L1|| IV. Bauer Inc.
A voz que quebra nosso abraço é reconhecida por nós dois.
Única em seu tom e inflexão. Viramos ambos para o dono dela.
Dimitri Bauer.
Meu patrão.
Esta à porta, esperando uma resposta a sua pergunta. Uma mão no bolso da calça social azul escuro, a outra segurando seu celular.
— A festa que a magrela vai hoje pra pegar o vizinho dela. — Flavio já vai me dedando e se dirigindo à porta, e eu fico absolutamente sem jeito. Antes de sair da minha sala de recepção, ele se vira para Bauer. — Você vai ver meu jogo hoje né, Jimmy?

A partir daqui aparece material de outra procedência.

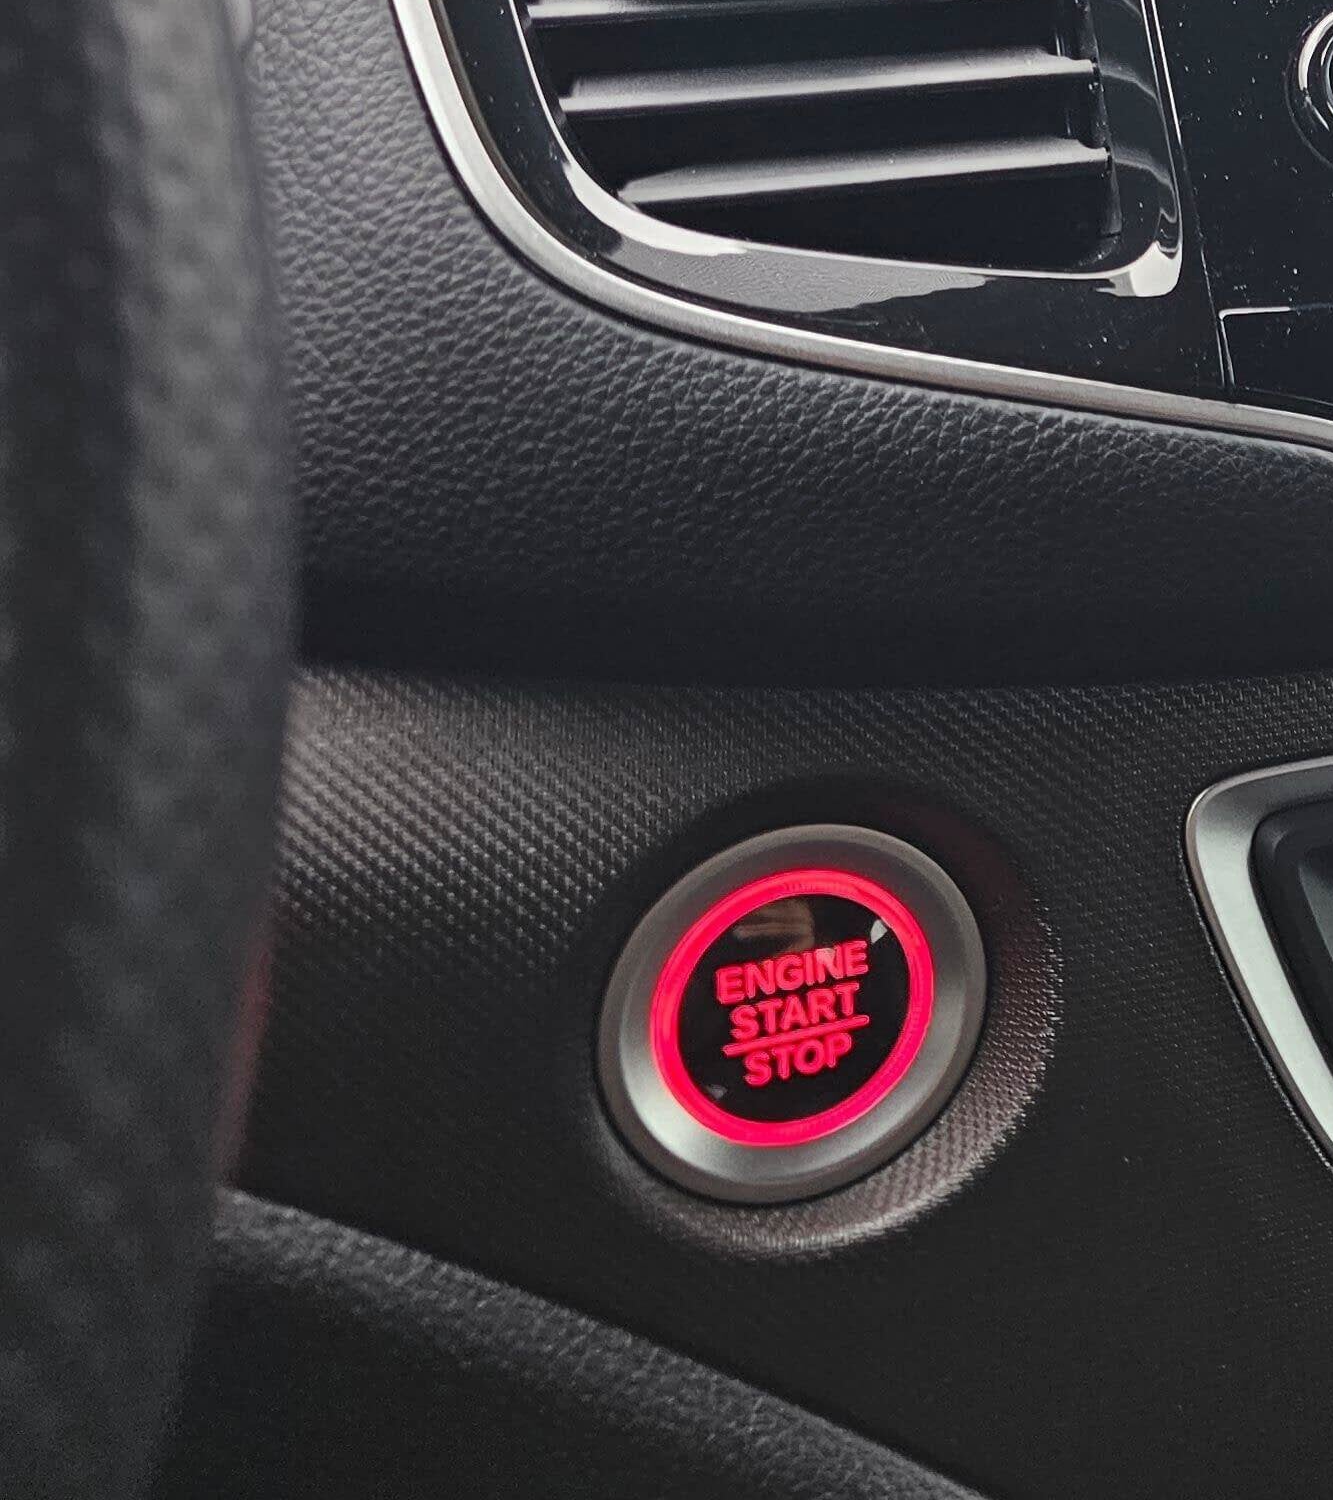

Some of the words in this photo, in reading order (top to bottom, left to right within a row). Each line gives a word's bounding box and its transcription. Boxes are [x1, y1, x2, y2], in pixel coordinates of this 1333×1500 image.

[716, 940, 869, 1004] ENGINE
[729, 983, 861, 1041] START
[743, 1033, 853, 1087] STOP

Mesmo tentando me recompor da momentânea vergonha, acho engraçado como Flavio chama Dimitri de Djimmy. Não vejo ninguém mais se dirigir à ele desta forma, provávelmente por isso acho engraçado. Na verdade, não vejo ninguém ter a coragem de dar a Dimitri Bauer nenhum tipo de apelido, carinhoso ou zombeteiro.
Por quê? Bem, Bauer, não é... do tipo que encoraja tais intimidades de ninguém. Na verdade, acho que encoraja exatamente o contrário. Pelo menos em mim.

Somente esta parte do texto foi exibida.